Task objective
Take the line that contains "Some of the words" and every line after it in the material below, and quote them exactly.

Material provided
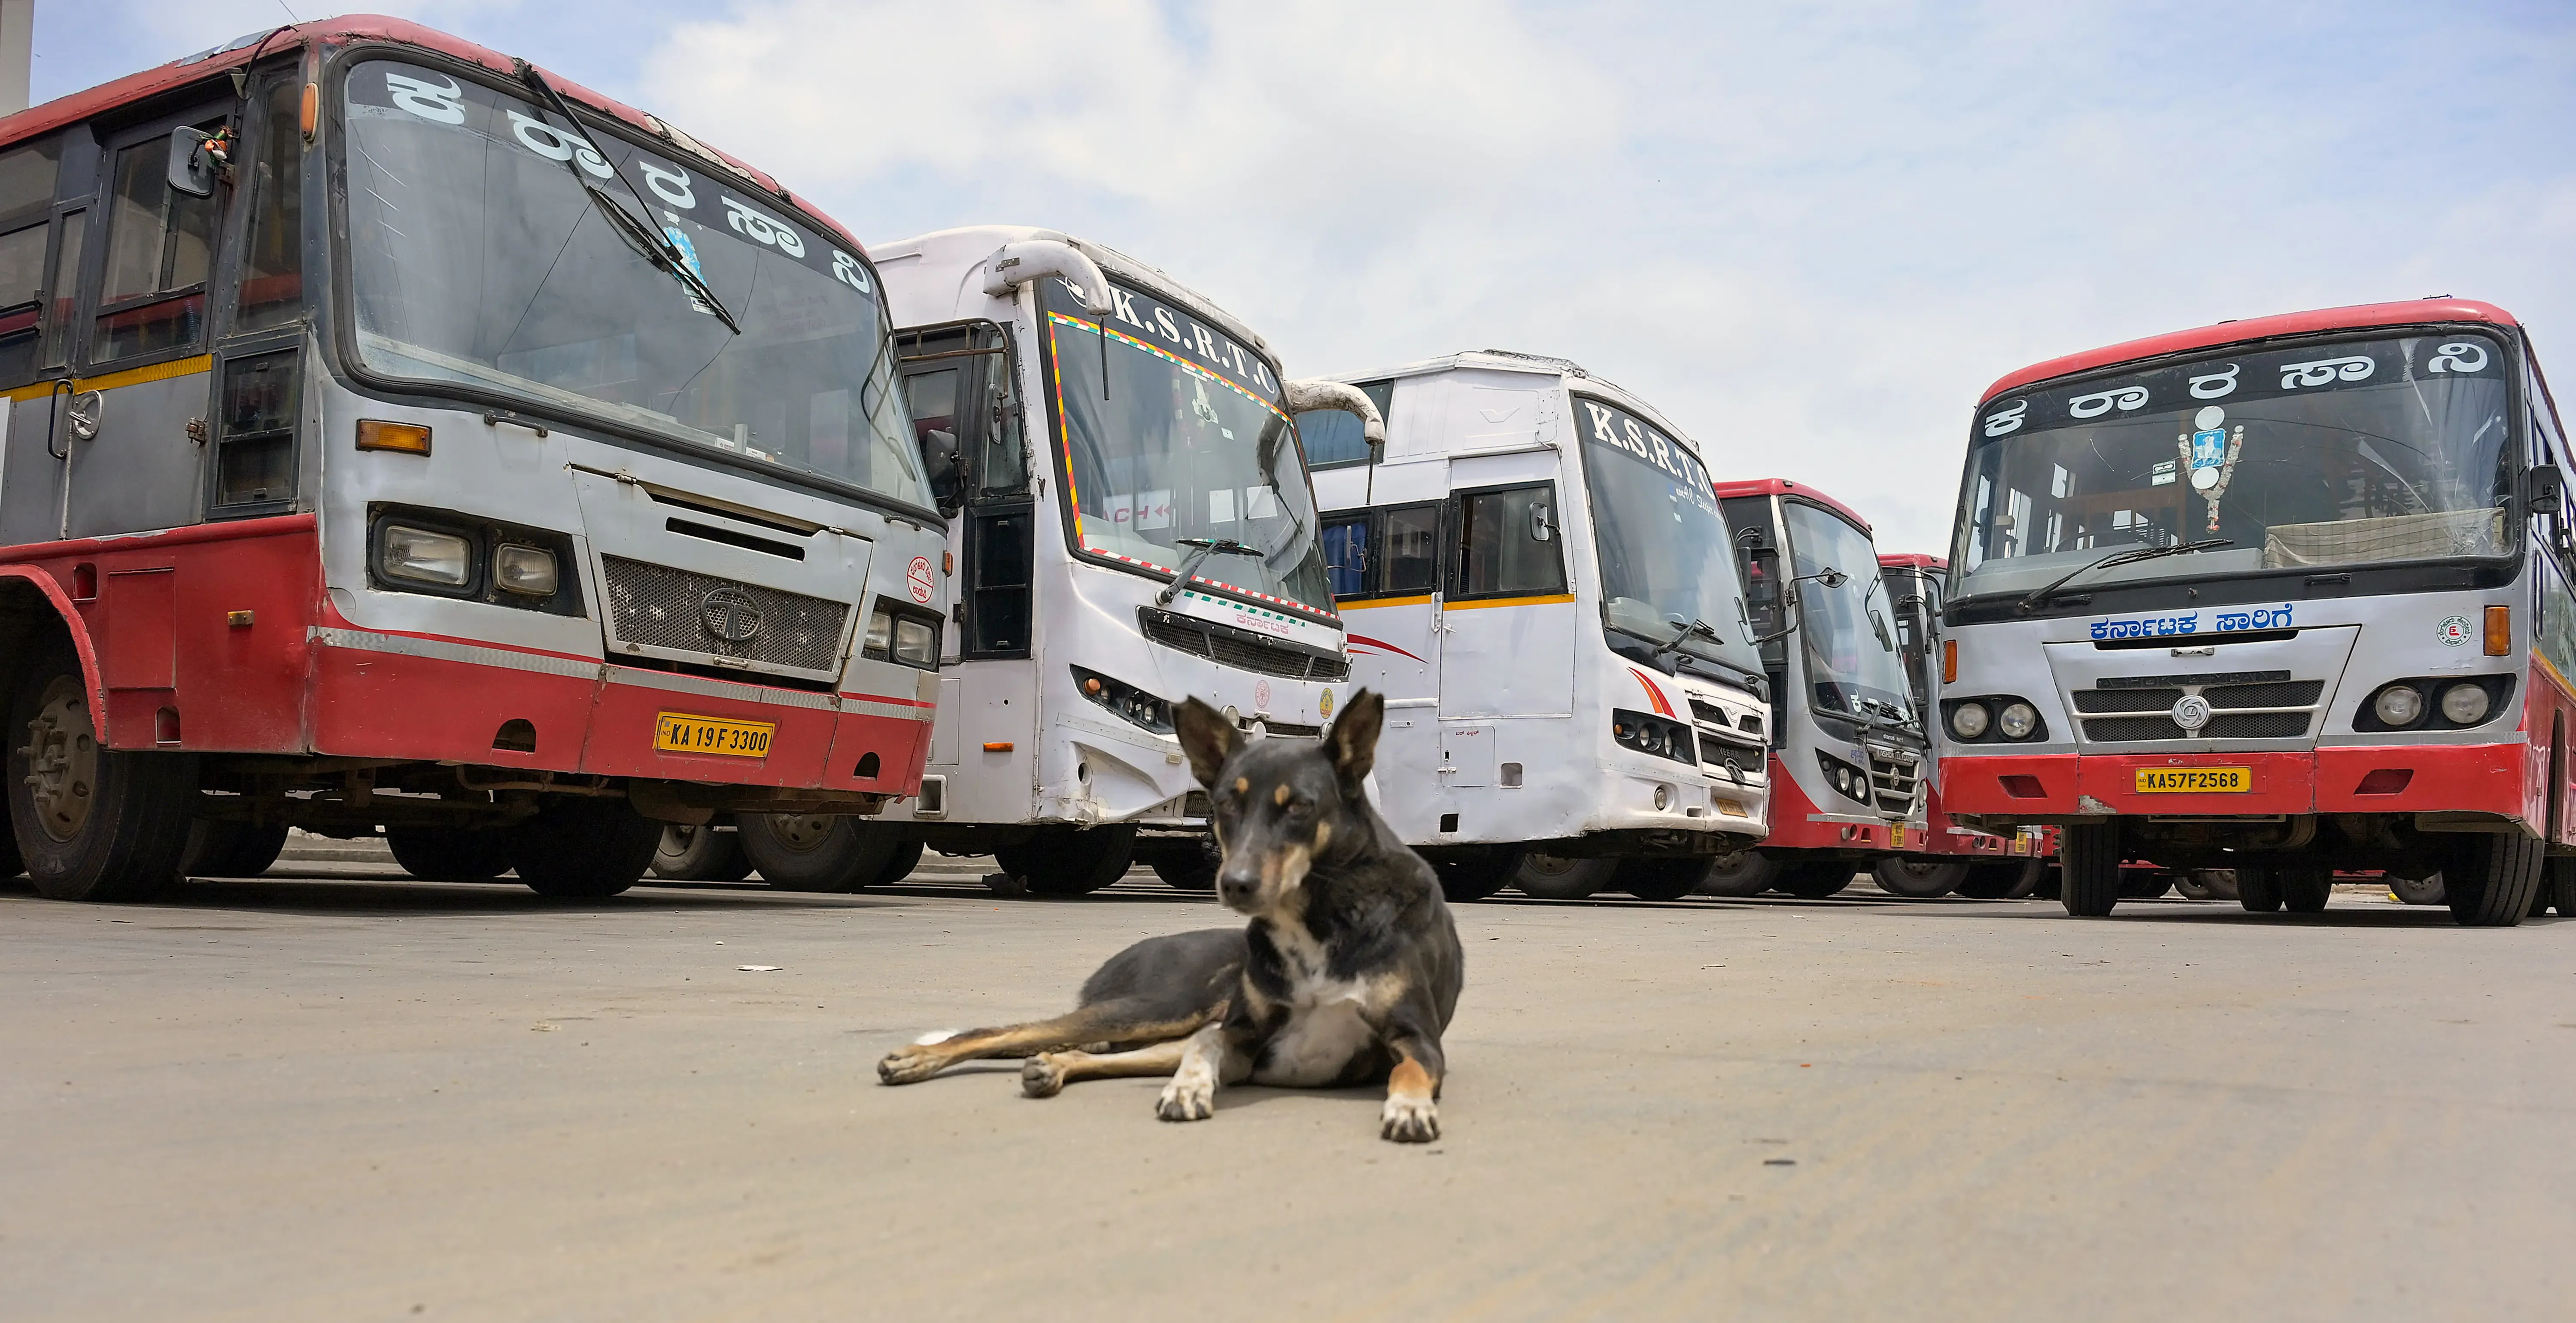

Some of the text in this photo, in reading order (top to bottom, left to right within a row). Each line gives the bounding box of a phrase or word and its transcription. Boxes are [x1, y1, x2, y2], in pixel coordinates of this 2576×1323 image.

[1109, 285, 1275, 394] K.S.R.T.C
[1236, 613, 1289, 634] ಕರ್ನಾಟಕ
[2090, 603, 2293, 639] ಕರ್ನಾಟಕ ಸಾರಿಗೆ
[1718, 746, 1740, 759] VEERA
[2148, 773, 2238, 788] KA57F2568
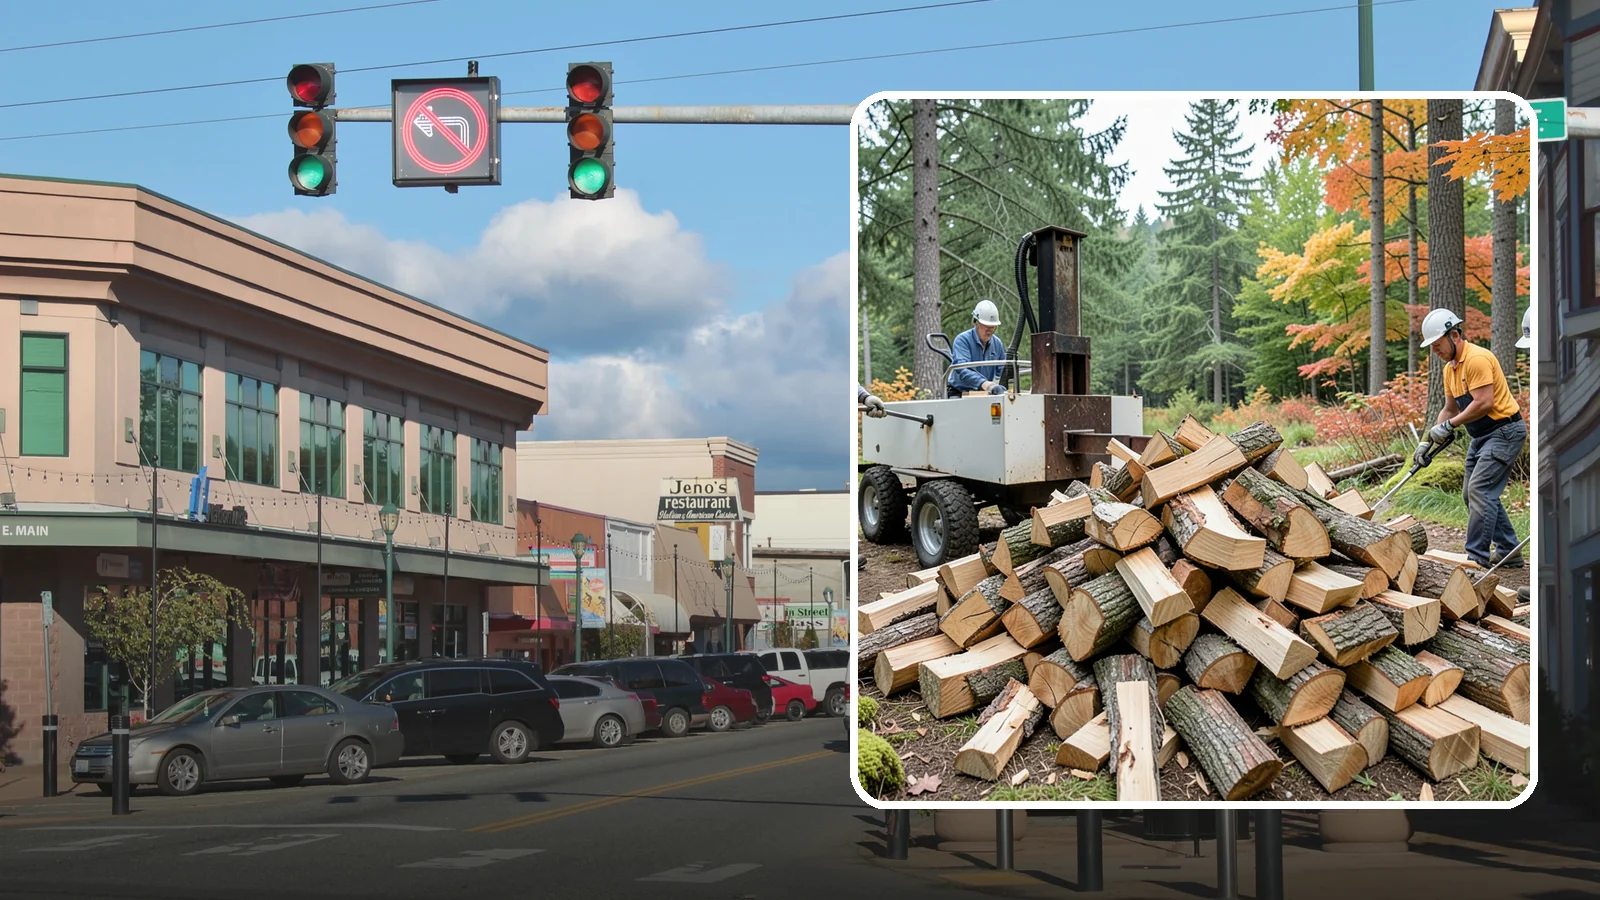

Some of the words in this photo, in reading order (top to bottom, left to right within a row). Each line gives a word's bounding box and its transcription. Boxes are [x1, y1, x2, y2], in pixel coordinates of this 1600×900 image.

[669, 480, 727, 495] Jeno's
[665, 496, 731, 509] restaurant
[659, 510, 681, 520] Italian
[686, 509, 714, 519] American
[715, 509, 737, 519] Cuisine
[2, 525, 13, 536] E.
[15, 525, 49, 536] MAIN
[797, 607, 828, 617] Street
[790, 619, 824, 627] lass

Answer
Some of the words in this photo, in reading order (top to bottom, left to right within a row). Each line gives a word's bounding box and its transcription. Boxes are [x1, y1, x2, y2], in pixel coordinates of this 1600×900 image.

[669, 480, 727, 495] Jeno's
[665, 496, 731, 509] restaurant
[659, 510, 681, 520] Italian
[686, 509, 714, 519] American
[715, 509, 737, 519] Cuisine
[2, 525, 13, 536] E.
[15, 525, 49, 536] MAIN
[797, 607, 828, 617] Street
[790, 619, 824, 627] lass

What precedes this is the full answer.